Stored data entries
**********

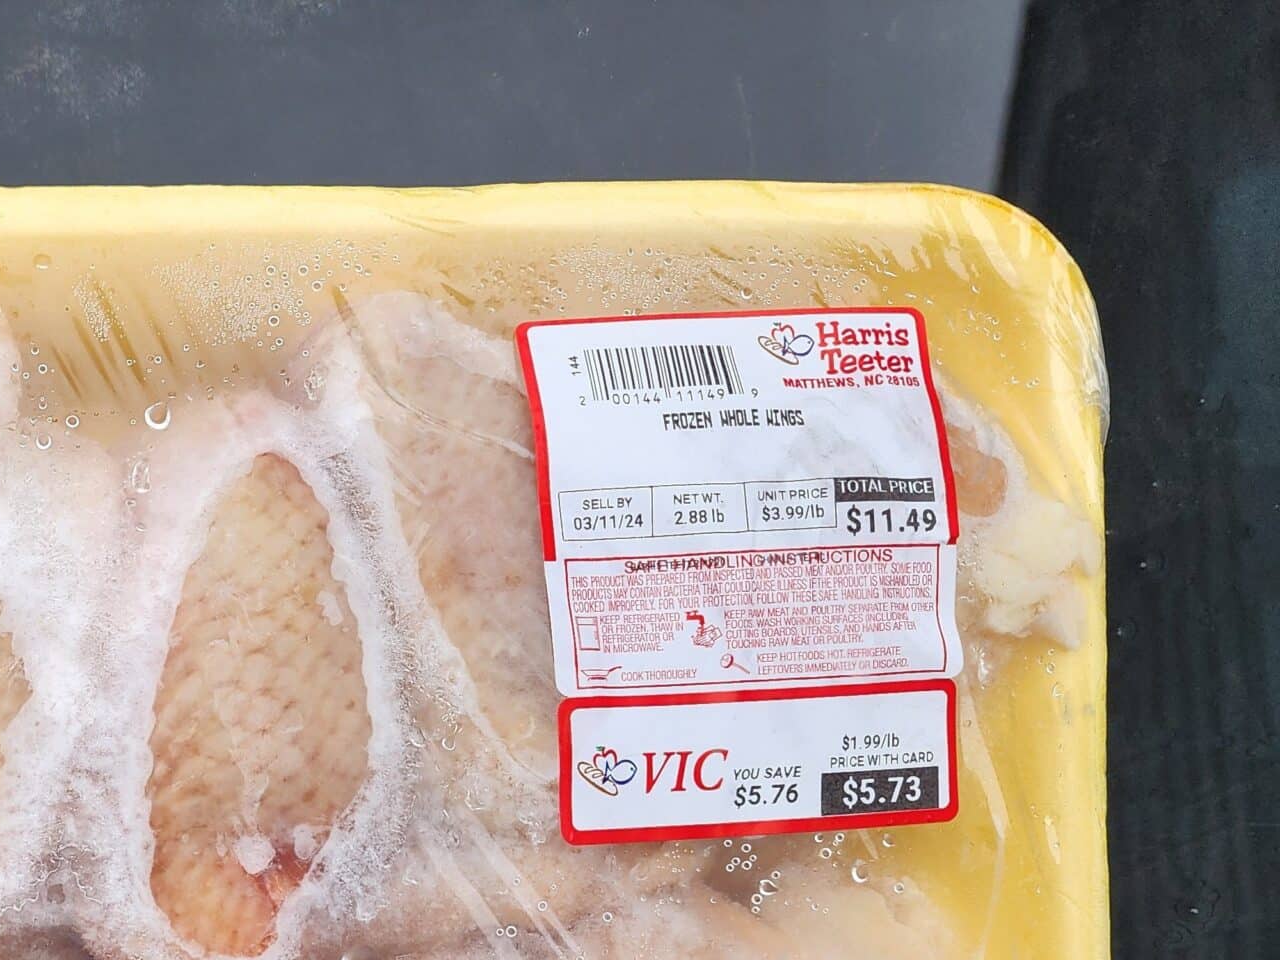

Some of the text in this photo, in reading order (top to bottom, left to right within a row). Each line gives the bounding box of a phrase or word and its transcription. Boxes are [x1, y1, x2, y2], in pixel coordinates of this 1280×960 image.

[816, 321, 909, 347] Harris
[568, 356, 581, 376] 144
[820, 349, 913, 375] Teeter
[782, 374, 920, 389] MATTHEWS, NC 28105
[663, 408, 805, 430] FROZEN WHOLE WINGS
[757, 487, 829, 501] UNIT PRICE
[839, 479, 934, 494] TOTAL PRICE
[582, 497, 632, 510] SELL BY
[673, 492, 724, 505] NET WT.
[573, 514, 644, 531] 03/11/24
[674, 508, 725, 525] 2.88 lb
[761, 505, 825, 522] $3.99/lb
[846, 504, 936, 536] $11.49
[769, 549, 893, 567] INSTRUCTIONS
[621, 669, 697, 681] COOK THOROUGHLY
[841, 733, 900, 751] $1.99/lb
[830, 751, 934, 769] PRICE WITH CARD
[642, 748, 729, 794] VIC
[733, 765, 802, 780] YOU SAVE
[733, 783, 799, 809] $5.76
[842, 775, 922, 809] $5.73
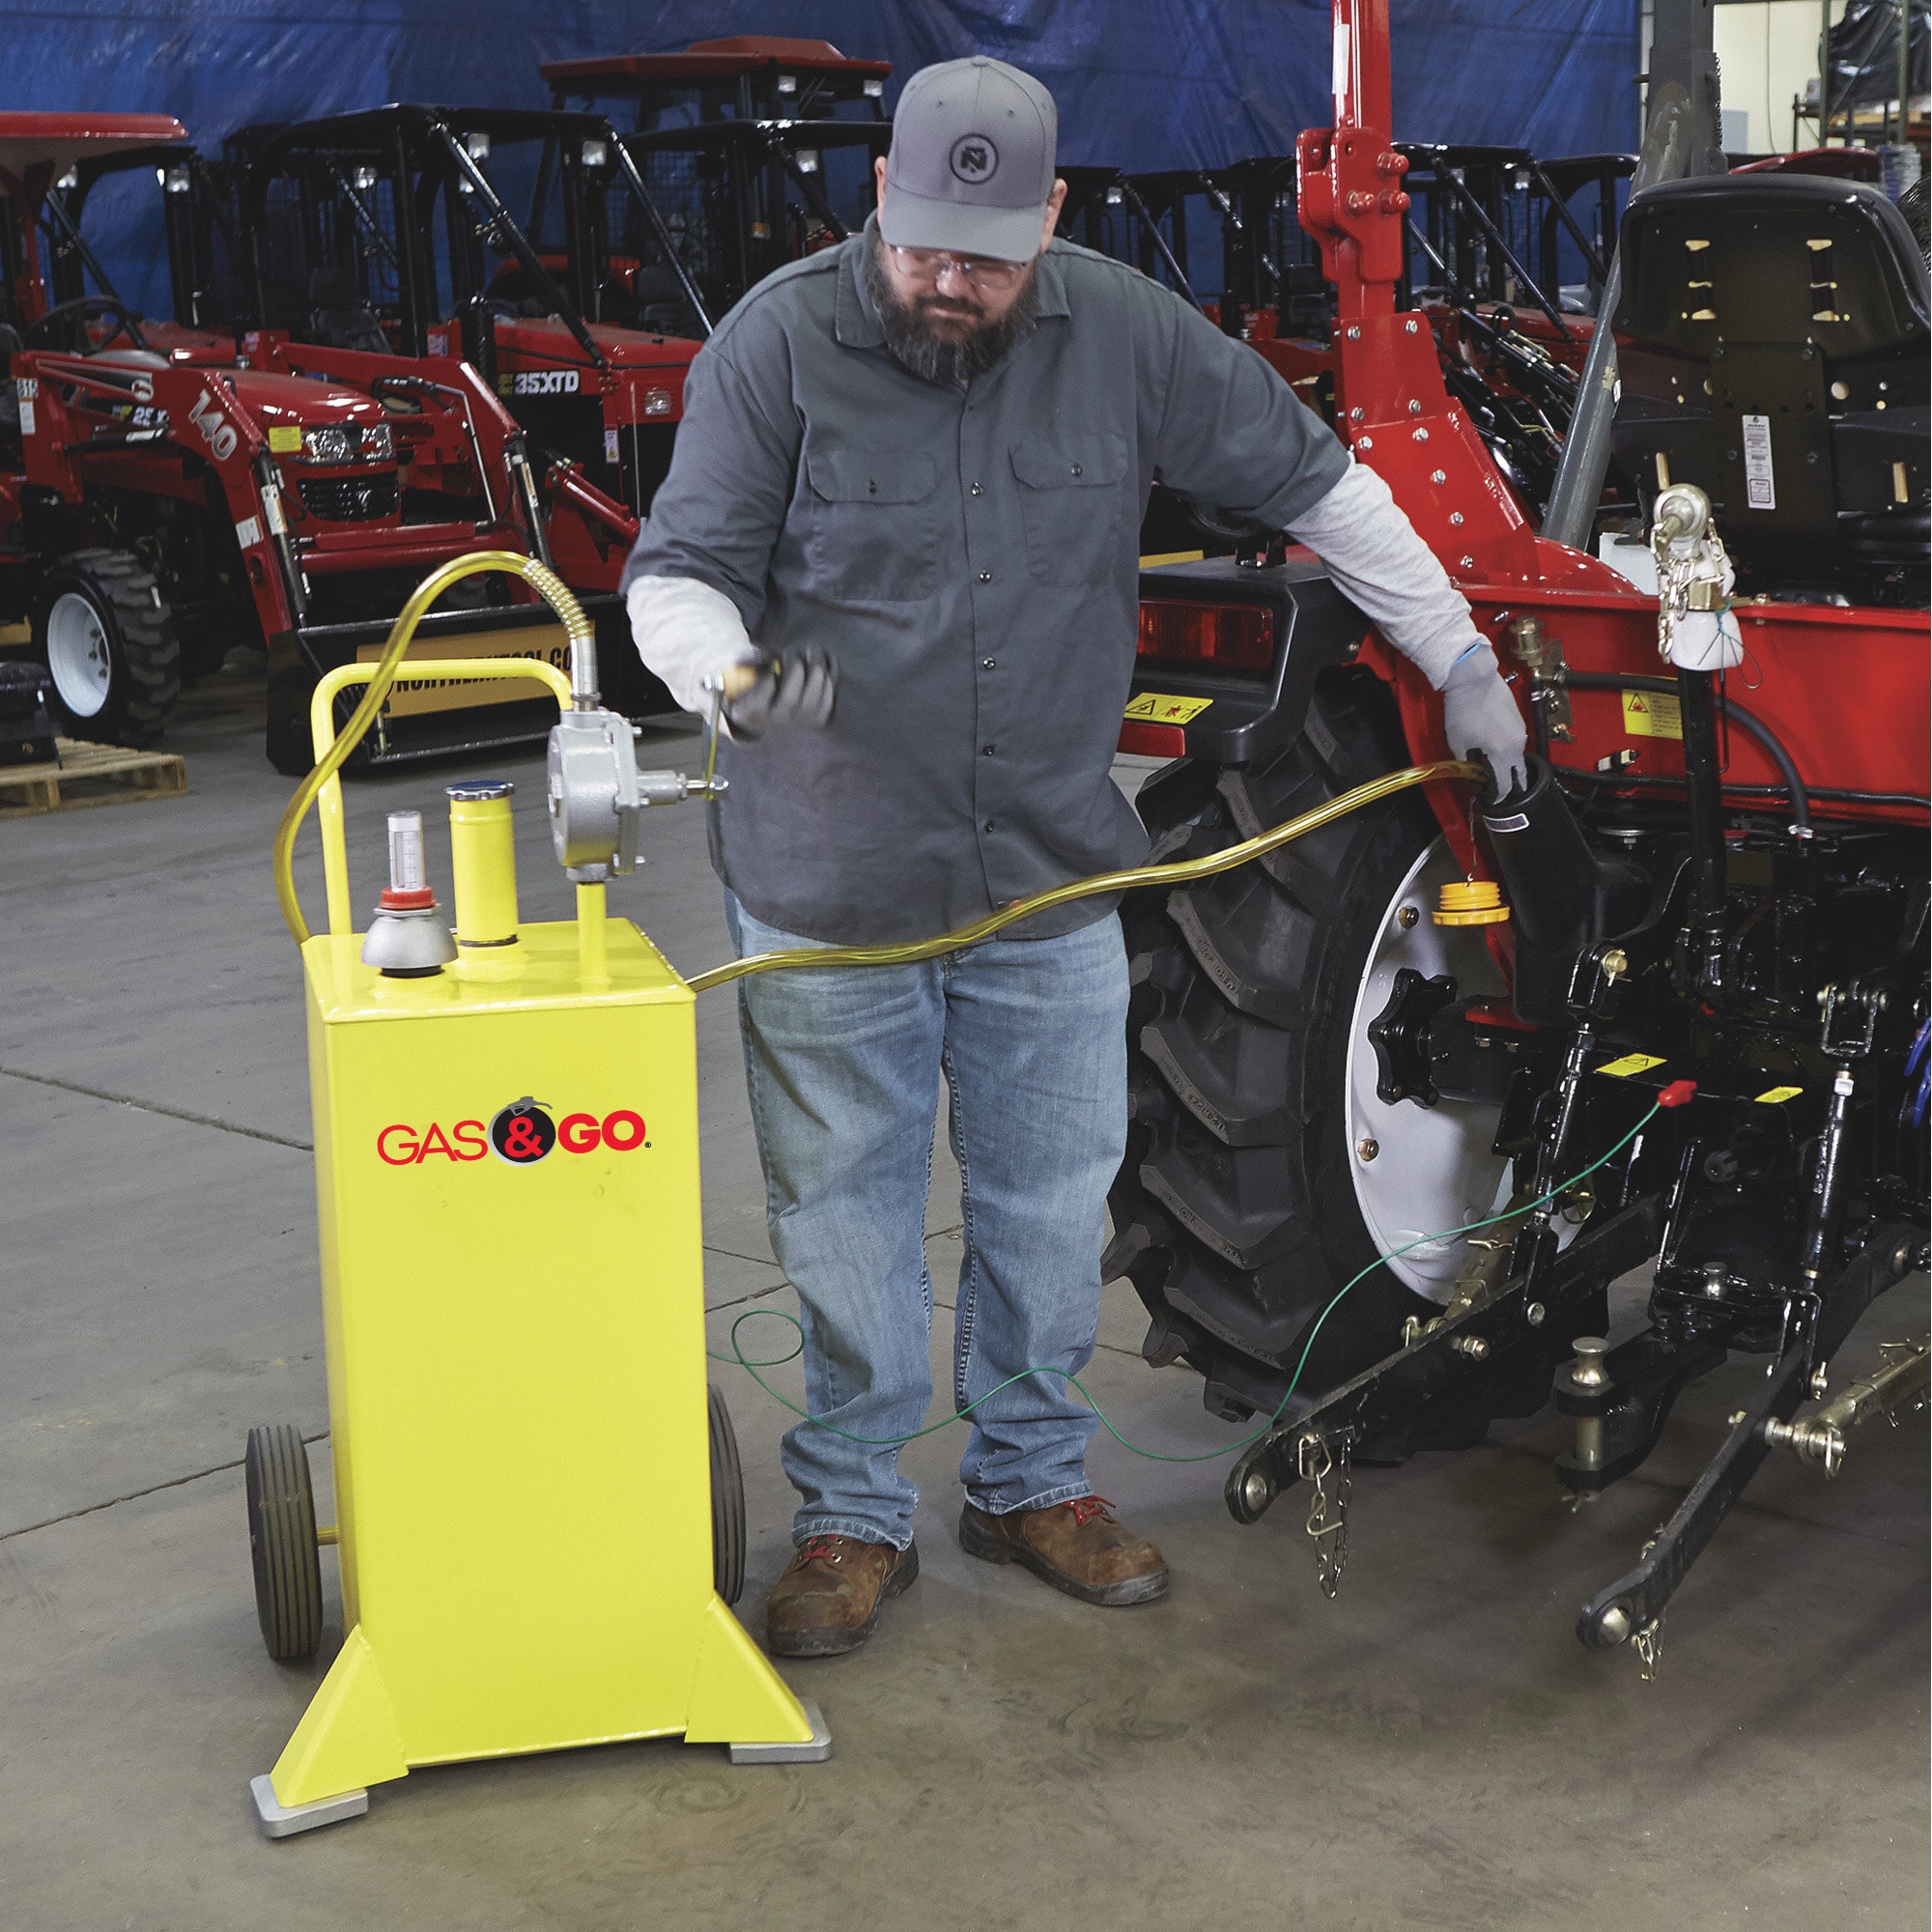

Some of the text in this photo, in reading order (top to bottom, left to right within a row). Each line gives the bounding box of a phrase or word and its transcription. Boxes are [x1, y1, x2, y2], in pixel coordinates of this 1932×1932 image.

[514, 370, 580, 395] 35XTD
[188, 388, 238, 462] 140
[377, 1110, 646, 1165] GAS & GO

**********

Could you reproduce, exactly as written, the lines running from the one with "this 1932×1932 image." to the end of the entries above?

Some of the text in this photo, in reading order (top to bottom, left to right within a row). Each line gives the bounding box of a phrase or word and its transcription. Boxes are [x1, y1, x2, y2], in pixel coordinates of this 1932×1932 image.

[514, 370, 580, 395] 35XTD
[188, 388, 238, 462] 140
[377, 1110, 646, 1165] GAS & GO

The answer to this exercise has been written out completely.